● What you should do
What's needed is the listing below, repeated word for word with no pictures.

● Dataset entries

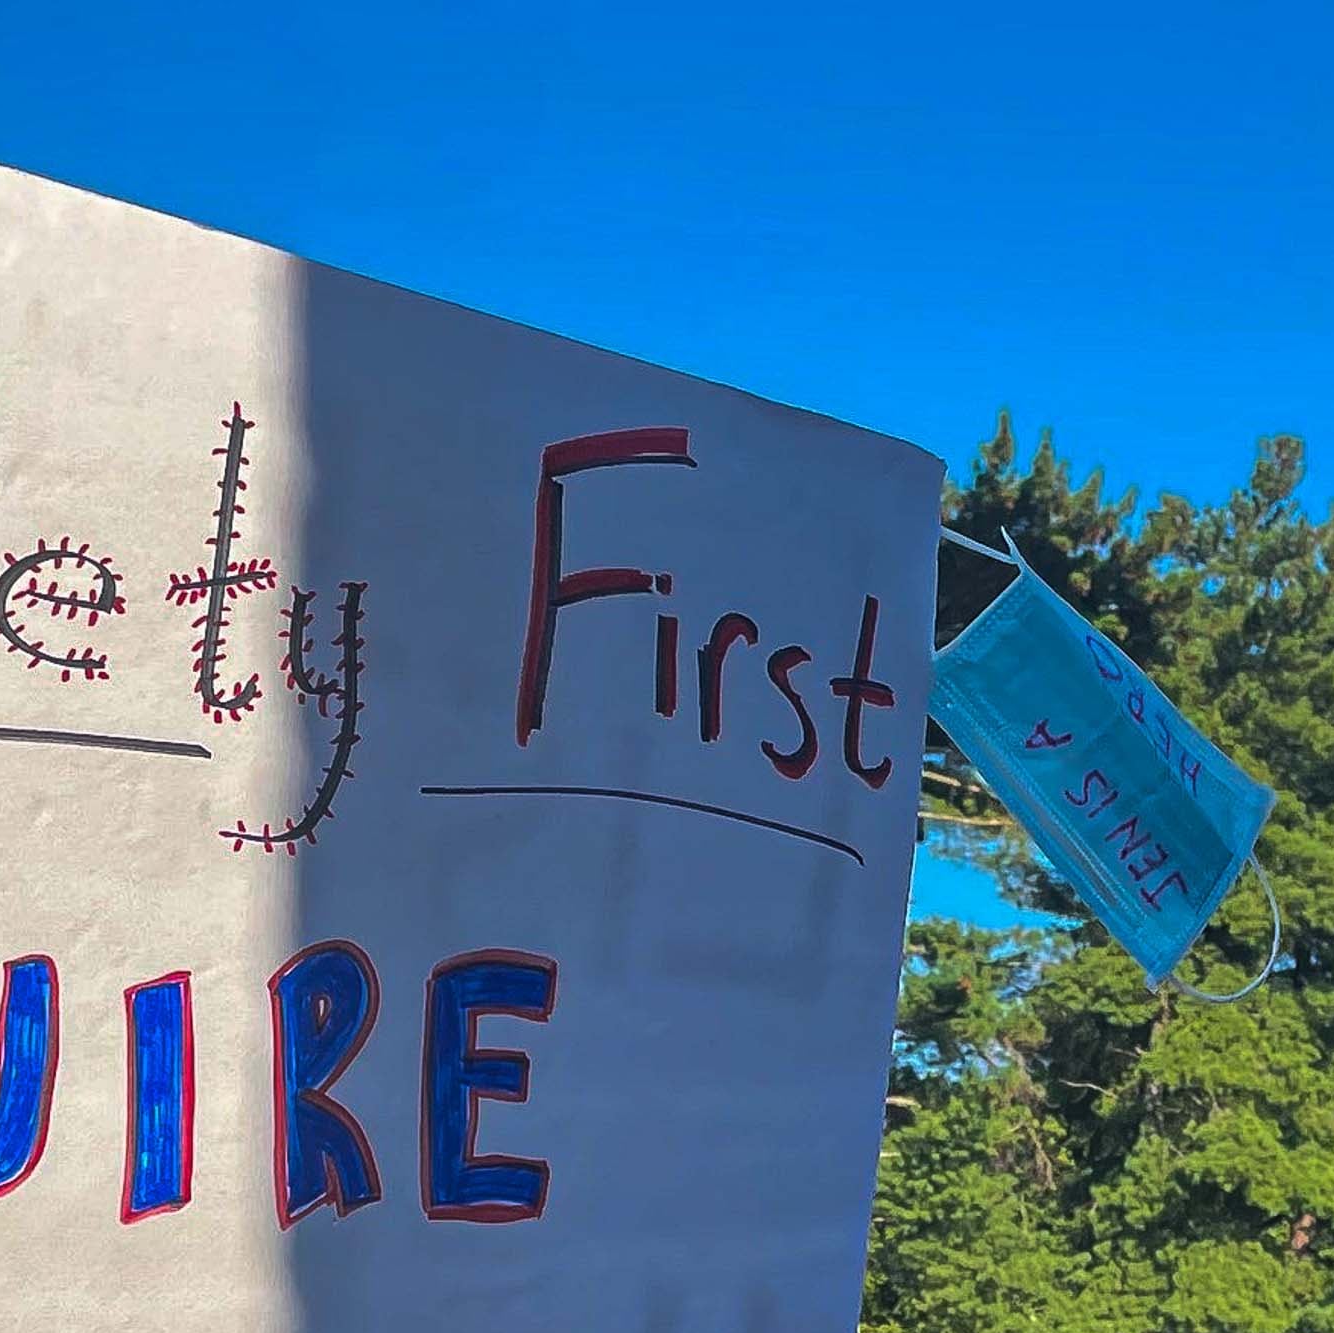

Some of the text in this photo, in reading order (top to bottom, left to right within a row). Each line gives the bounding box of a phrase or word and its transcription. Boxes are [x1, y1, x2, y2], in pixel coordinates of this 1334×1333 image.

[515, 426, 895, 789] First
[1023, 718, 1189, 911] JEN IS A
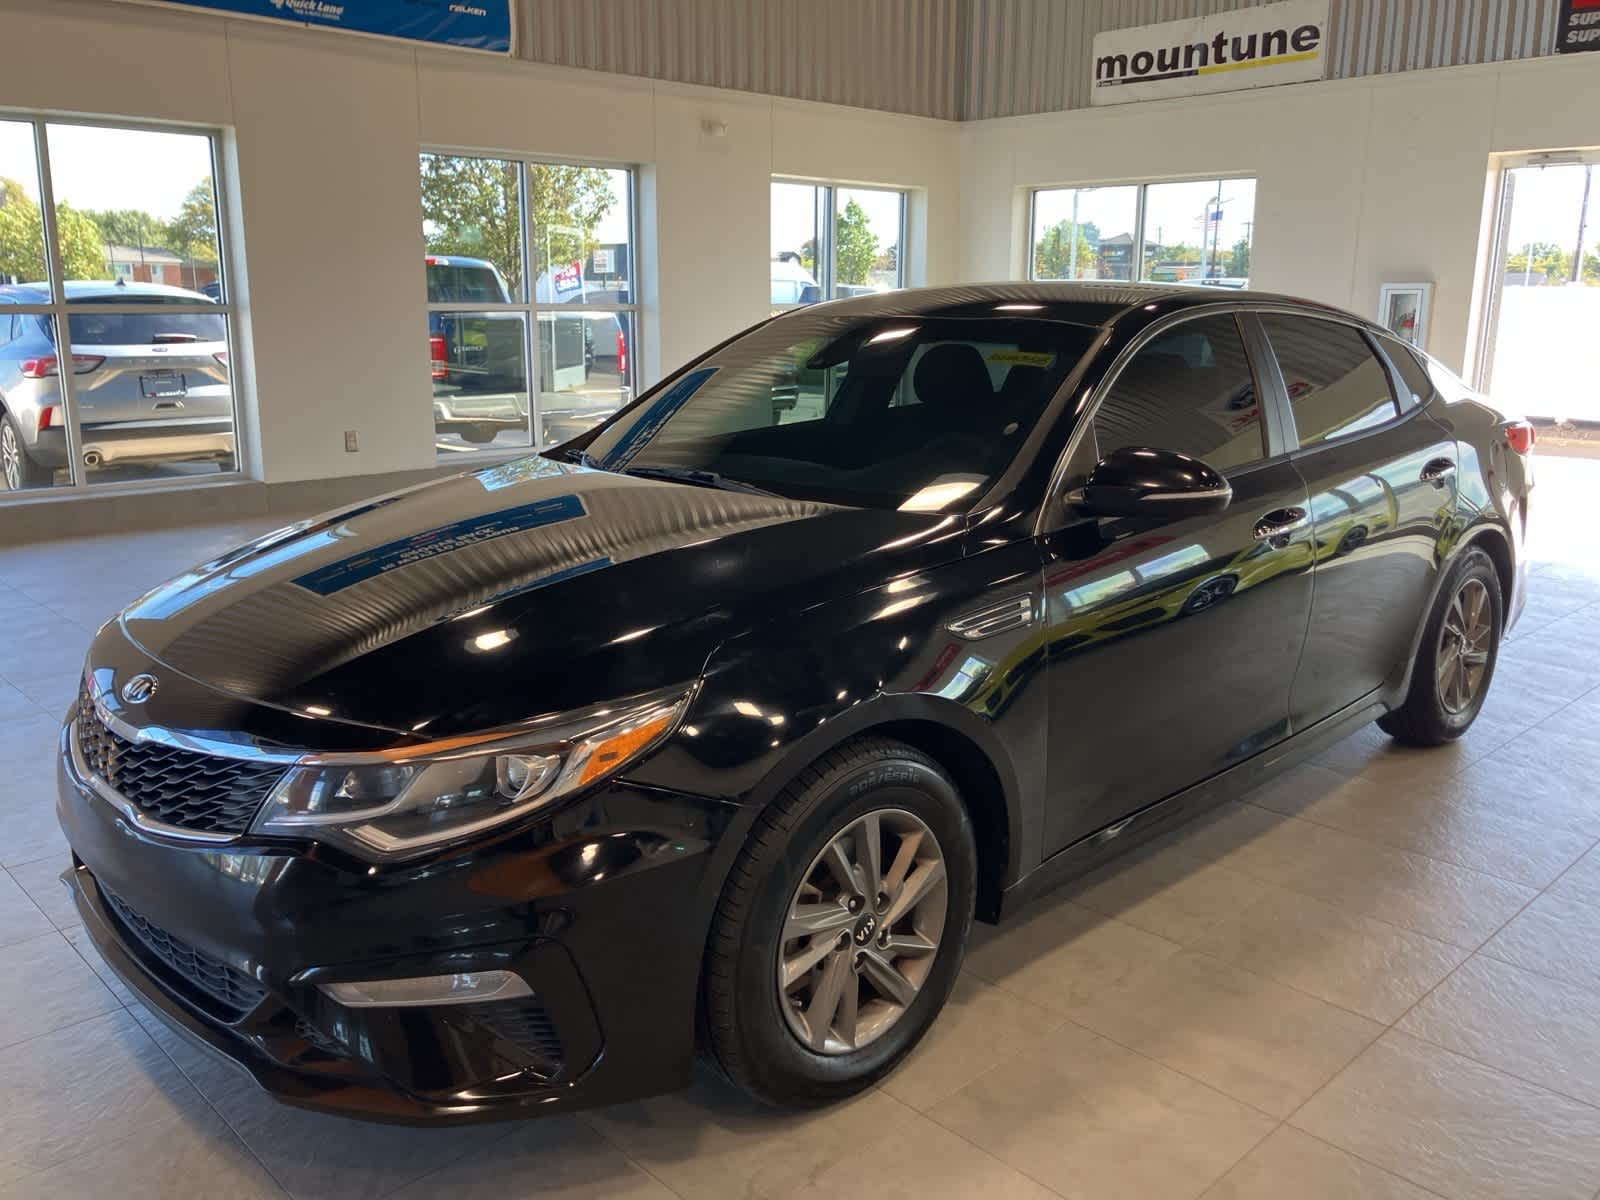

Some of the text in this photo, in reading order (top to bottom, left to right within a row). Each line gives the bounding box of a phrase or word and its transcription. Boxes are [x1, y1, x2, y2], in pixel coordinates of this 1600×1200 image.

[317, 2, 344, 15] Lane
[1096, 23, 1321, 81] mountune
[856, 918, 875, 941] KIA
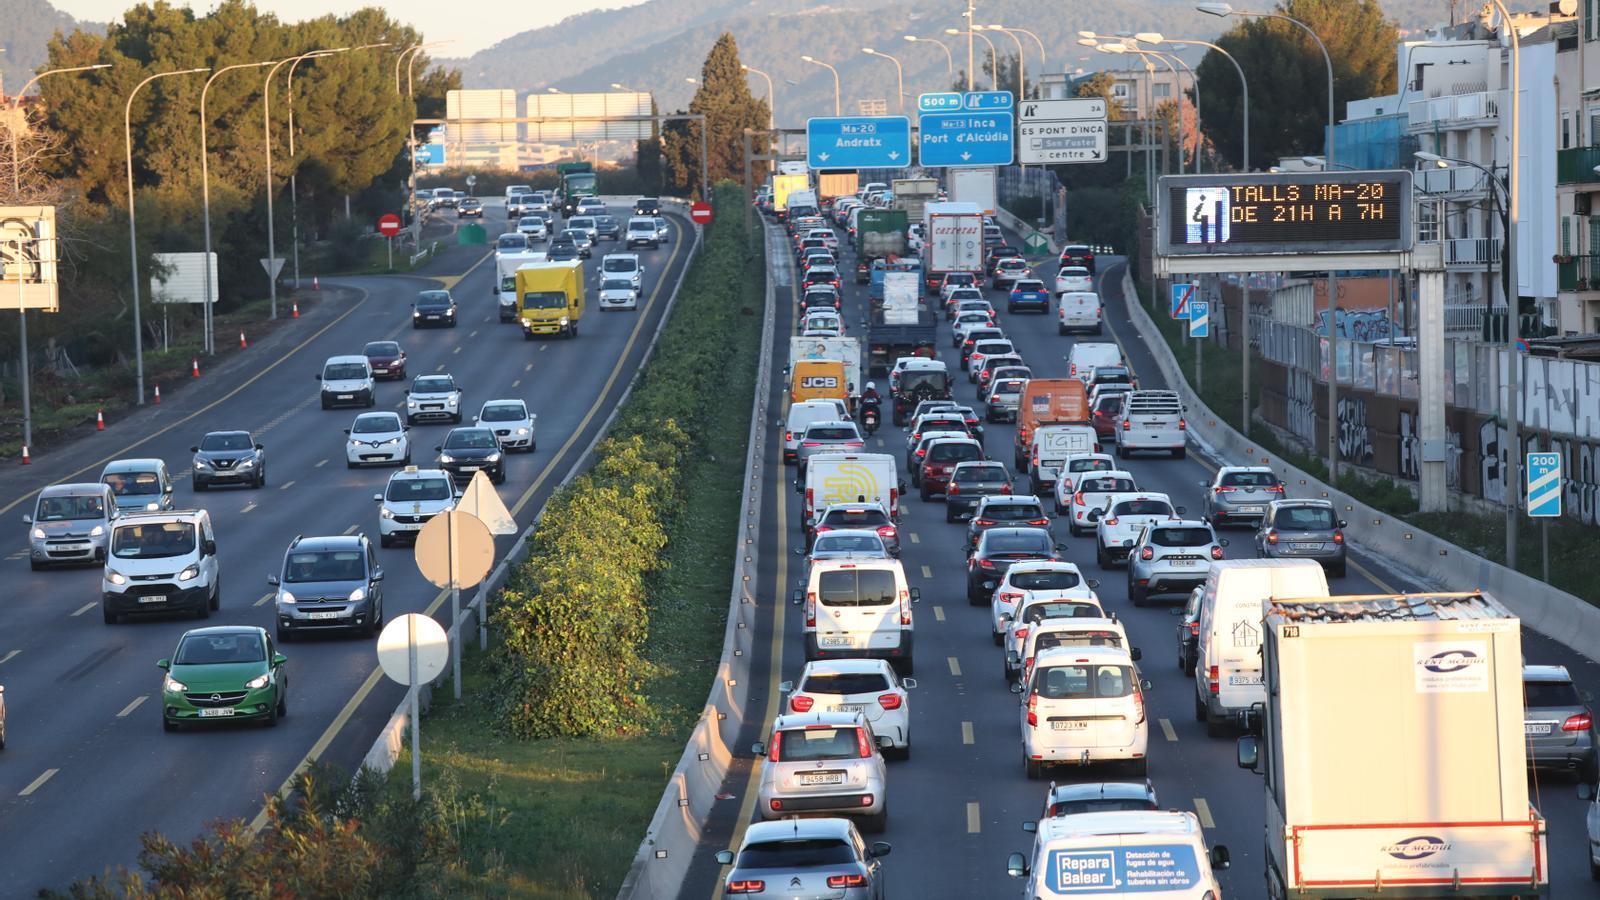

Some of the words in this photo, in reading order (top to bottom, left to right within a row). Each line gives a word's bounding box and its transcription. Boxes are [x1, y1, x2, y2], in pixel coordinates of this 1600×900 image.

[924, 98, 945, 106] 500
[969, 119, 996, 128] Inca
[842, 124, 876, 134] Ma-20
[1039, 126, 1067, 135] PONT
[1071, 125, 1104, 134] D'INCA
[836, 137, 882, 147] Andratx
[923, 133, 948, 143] Port
[956, 131, 1009, 143] d'Alcúdia
[1231, 185, 1300, 202] TALLS
[1315, 183, 1383, 200] MA-20
[1231, 206, 1258, 222] DE
[1273, 205, 1313, 222] 21H
[1329, 204, 1341, 220] A
[1357, 203, 1383, 220] 7H
[802, 377, 837, 388] JCB
[1532, 456, 1555, 466] 200
[806, 775, 824, 783] 9458
[1061, 857, 1110, 871] Repara
[1126, 859, 1146, 868] fugas
[1157, 860, 1175, 868] agua
[1062, 871, 1106, 884] Balear
[1176, 869, 1185, 877] de

● Problem solution
Some of the text in this photo, in reading order (top to bottom, left to right within a row). Each line gives the bounding box of a phrase or word and its transcription. Boxes are [x1, y1, x2, y2], in pixel coordinates of this 1334×1333 image.

[515, 426, 895, 789] First
[1023, 718, 1189, 911] JEN IS A

Some of the text in this photo, in reading order (top to bottom, left to right within a row). Each line gives the bounding box of a phrase or word and its transcription. Boxes are [x1, y1, x2, y2], in pixel coordinates of this 1600×1200 image.

[317, 2, 344, 15] Lane
[1096, 23, 1321, 81] mountune
[856, 918, 875, 941] KIA

Some of the words in this photo, in reading order (top to bottom, left to right within a row). Each line gives a word's bounding box and its transcription. Boxes are [x1, y1, x2, y2], in pixel coordinates of this 1600×900 image.

[924, 98, 945, 106] 500
[969, 119, 996, 128] Inca
[842, 124, 876, 134] Ma-20
[1039, 126, 1067, 135] PONT
[1071, 125, 1104, 134] D'INCA
[836, 137, 882, 147] Andratx
[923, 133, 948, 143] Port
[956, 131, 1009, 143] d'Alcúdia
[1231, 185, 1300, 202] TALLS
[1315, 183, 1383, 200] MA-20
[1231, 206, 1258, 222] DE
[1273, 205, 1313, 222] 21H
[1329, 204, 1341, 220] A
[1357, 203, 1383, 220] 7H
[802, 377, 837, 388] JCB
[1532, 456, 1555, 466] 200
[806, 775, 824, 783] 9458
[1061, 857, 1110, 871] Repara
[1126, 859, 1146, 868] fugas
[1157, 860, 1175, 868] agua
[1062, 871, 1106, 884] Balear
[1176, 869, 1185, 877] de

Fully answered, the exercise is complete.